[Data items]

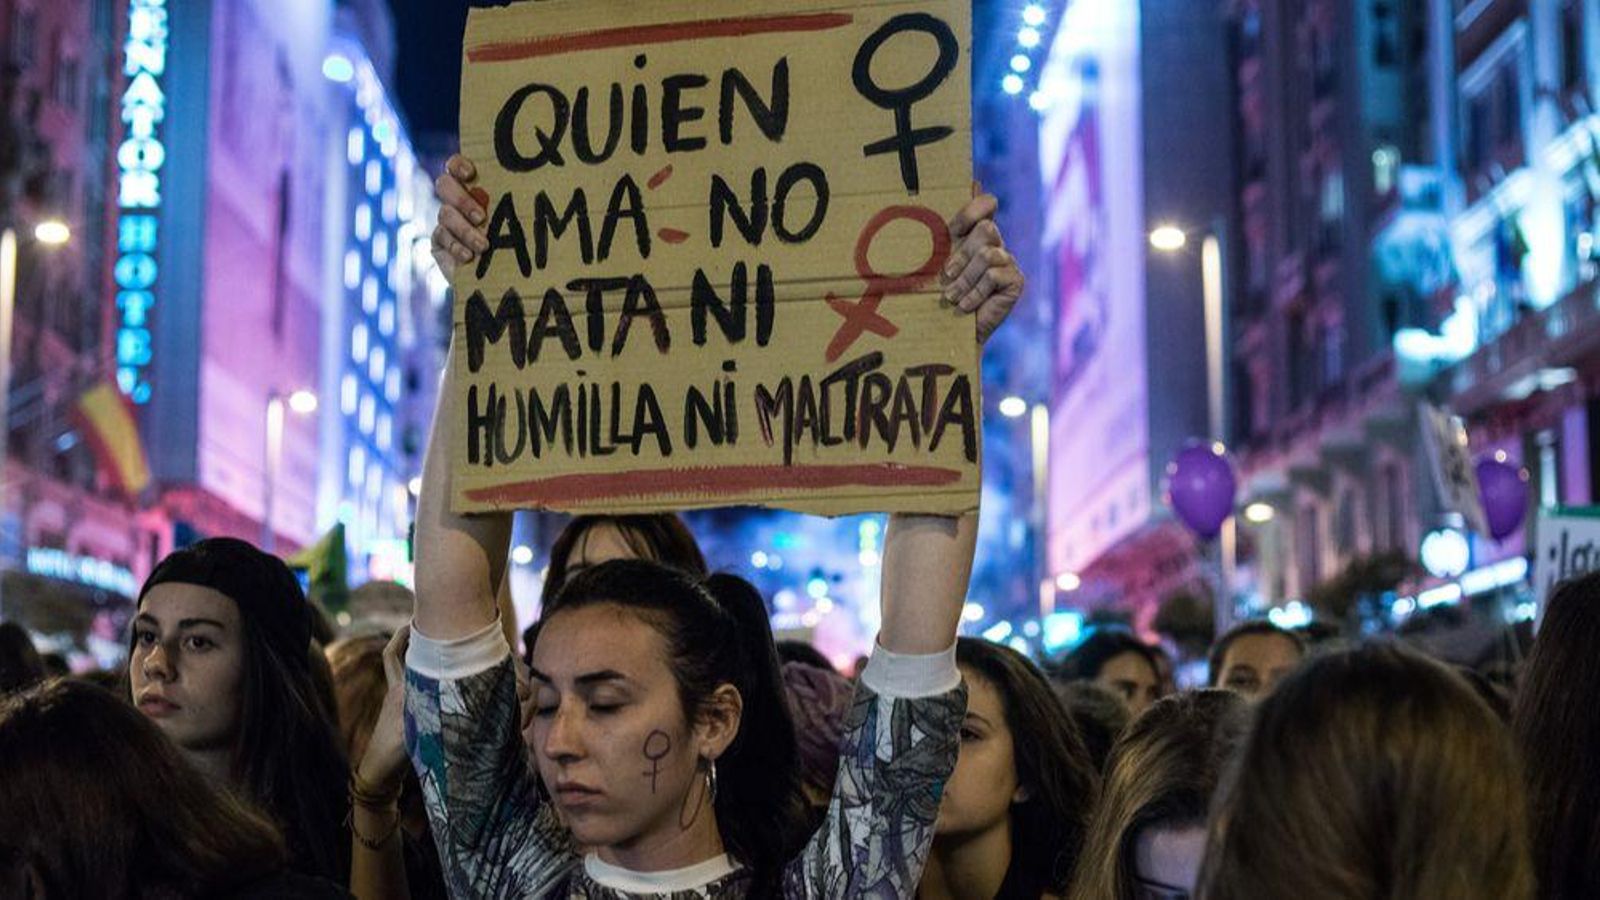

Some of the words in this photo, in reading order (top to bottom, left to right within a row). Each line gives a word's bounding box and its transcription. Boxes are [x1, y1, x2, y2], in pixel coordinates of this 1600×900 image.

[117, 0, 168, 208] ENATOR
[709, 161, 830, 248] NO
[114, 214, 158, 405] HOTEL
[464, 274, 671, 373] MATA
[691, 261, 775, 347] NI
[754, 352, 978, 466] MALTRATA
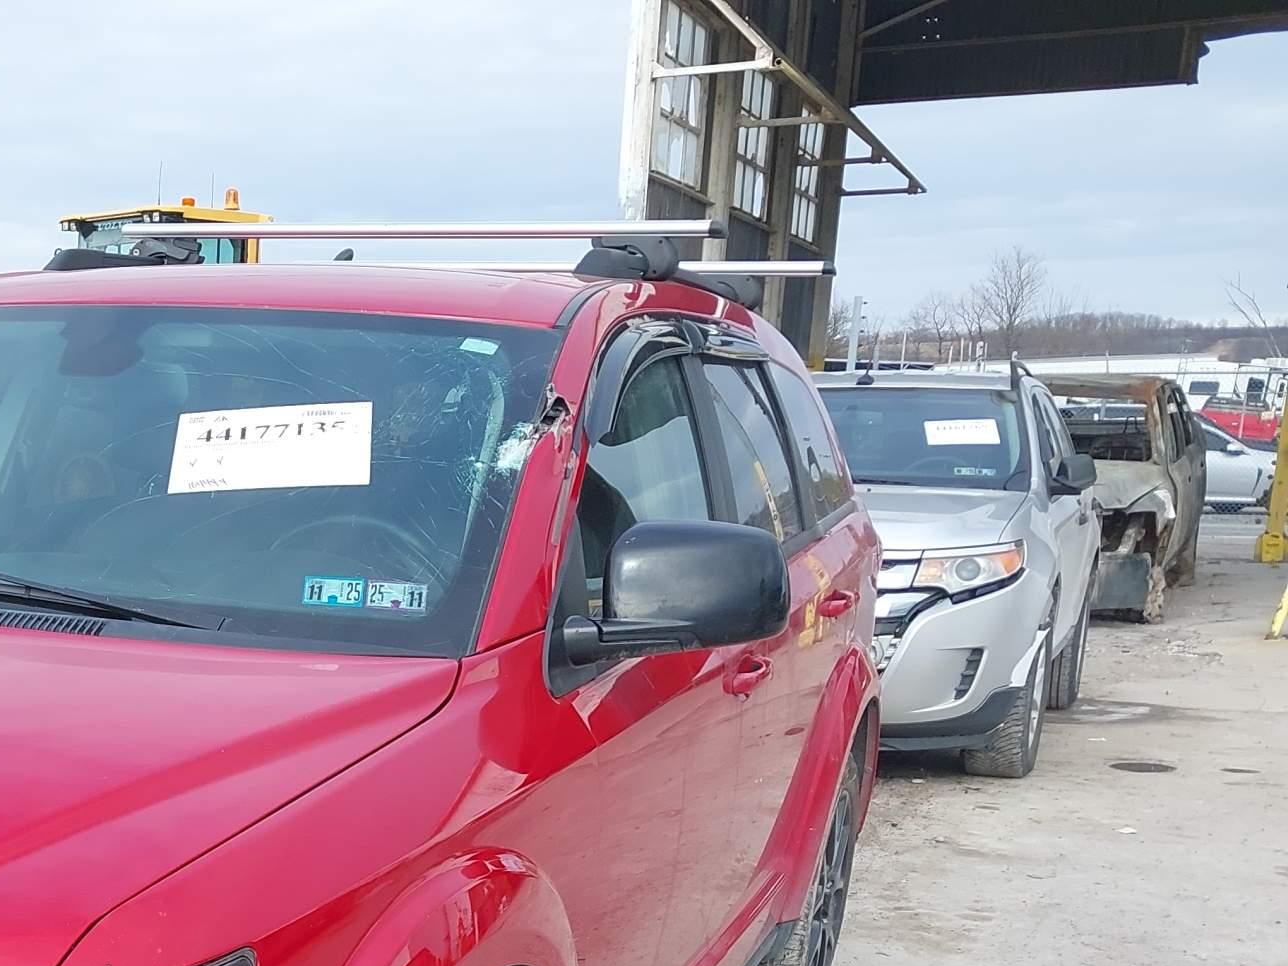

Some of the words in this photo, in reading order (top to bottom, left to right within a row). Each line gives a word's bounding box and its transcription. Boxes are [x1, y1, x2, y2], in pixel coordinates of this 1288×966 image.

[308, 584, 323, 601] 11
[346, 582, 361, 601] 25
[370, 584, 384, 603] 25
[408, 591, 423, 608] 11
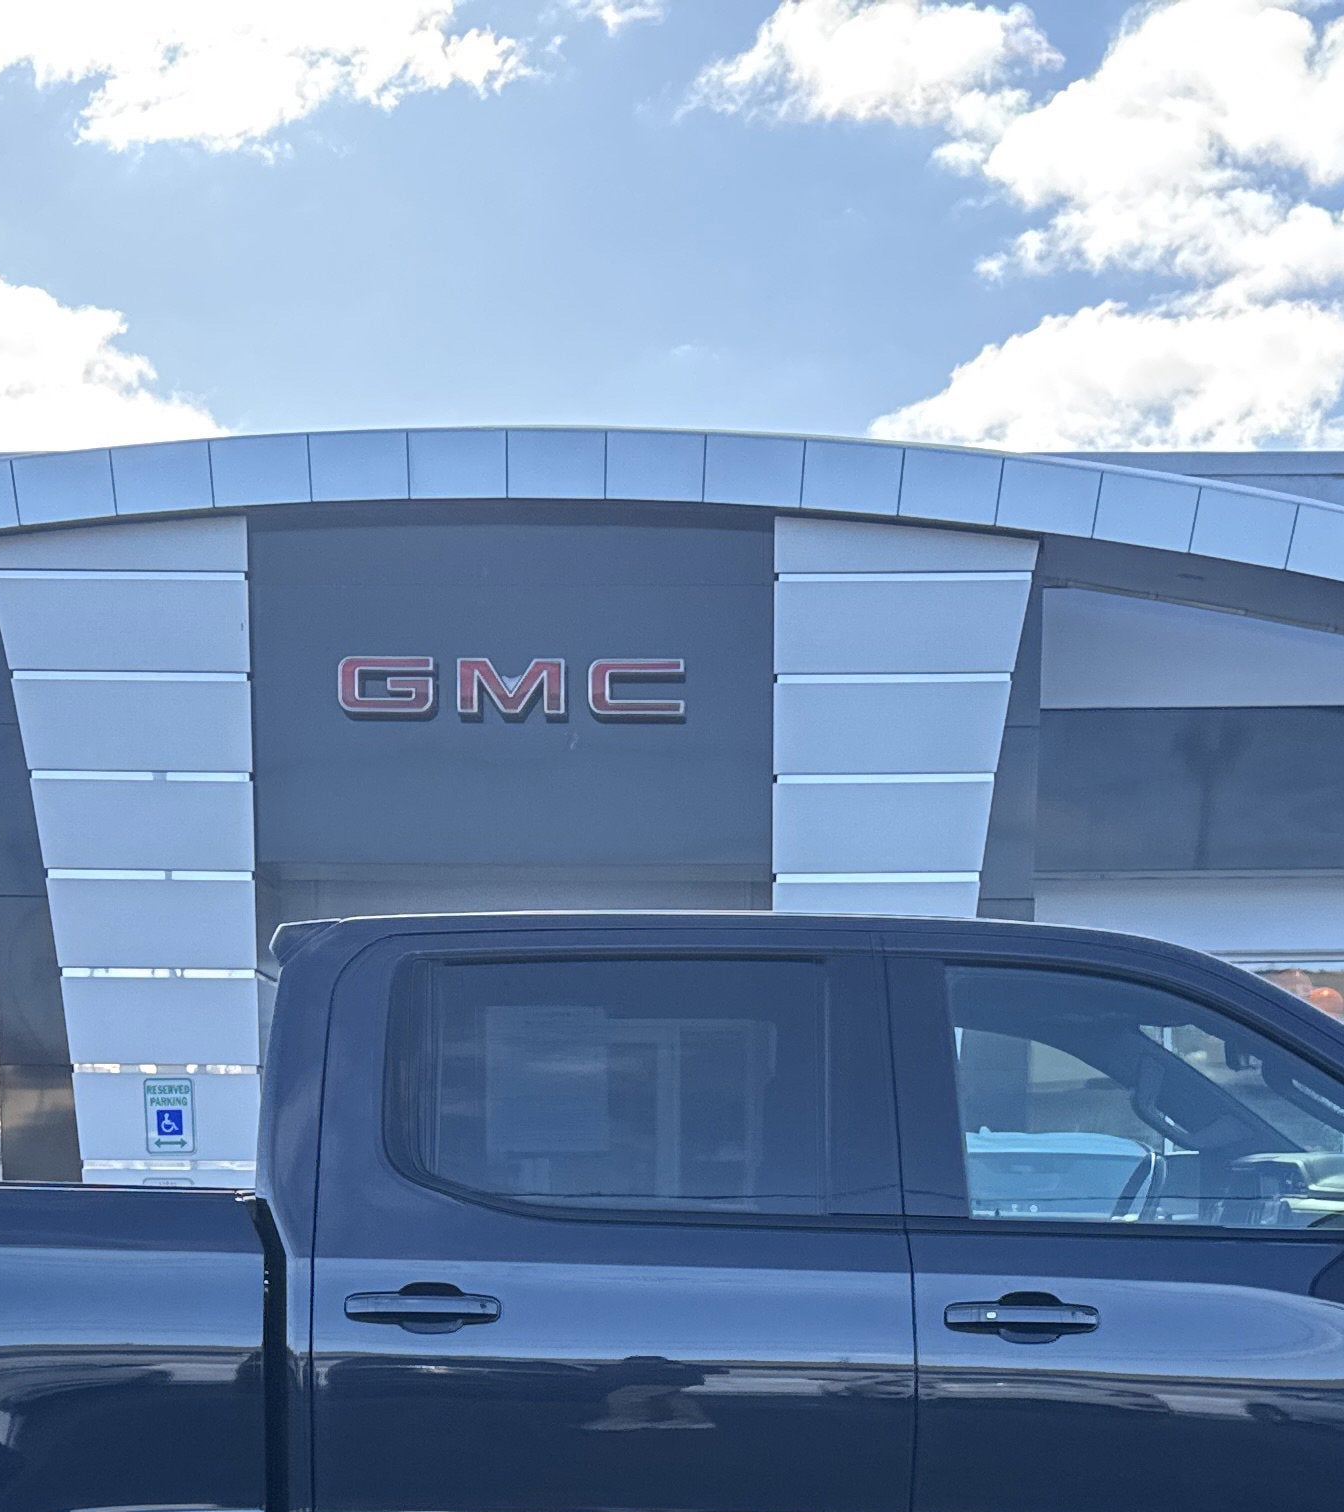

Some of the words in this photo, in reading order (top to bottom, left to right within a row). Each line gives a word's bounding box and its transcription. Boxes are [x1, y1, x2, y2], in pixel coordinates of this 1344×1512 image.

[337, 656, 686, 719] GMC
[146, 1084, 190, 1095] RESERVED
[149, 1096, 188, 1107] PARKING

Task details — Transcribe each entry above without alteration, but keep the pictures out.

Finished task —
Some of the words in this photo, in reading order (top to bottom, left to right within a row). Each line gives a word's bounding box and its transcription. Boxes are [x1, y1, x2, y2], in pixel coordinates of this 1600×900 image.

[117, 0, 168, 208] ENATOR
[709, 161, 830, 248] NO
[114, 214, 158, 405] HOTEL
[464, 274, 671, 373] MATA
[691, 261, 775, 347] NI
[754, 352, 978, 466] MALTRATA

Some of the words in this photo, in reading order (top to bottom, left to right within a row). Each line gives a word's bounding box and its transcription. Boxes are [x1, y1, x2, y2], in pixel coordinates of this 1288×966 image.

[308, 584, 323, 601] 11
[346, 582, 361, 601] 25
[370, 584, 384, 603] 25
[408, 591, 423, 608] 11

Some of the words in this photo, in reading order (top to bottom, left to right within a row). Each line gives a word's bounding box and its transcription. Boxes are [x1, y1, x2, y2], in pixel coordinates of this 1344×1512 image.

[337, 656, 686, 719] GMC
[146, 1084, 190, 1095] RESERVED
[149, 1096, 188, 1107] PARKING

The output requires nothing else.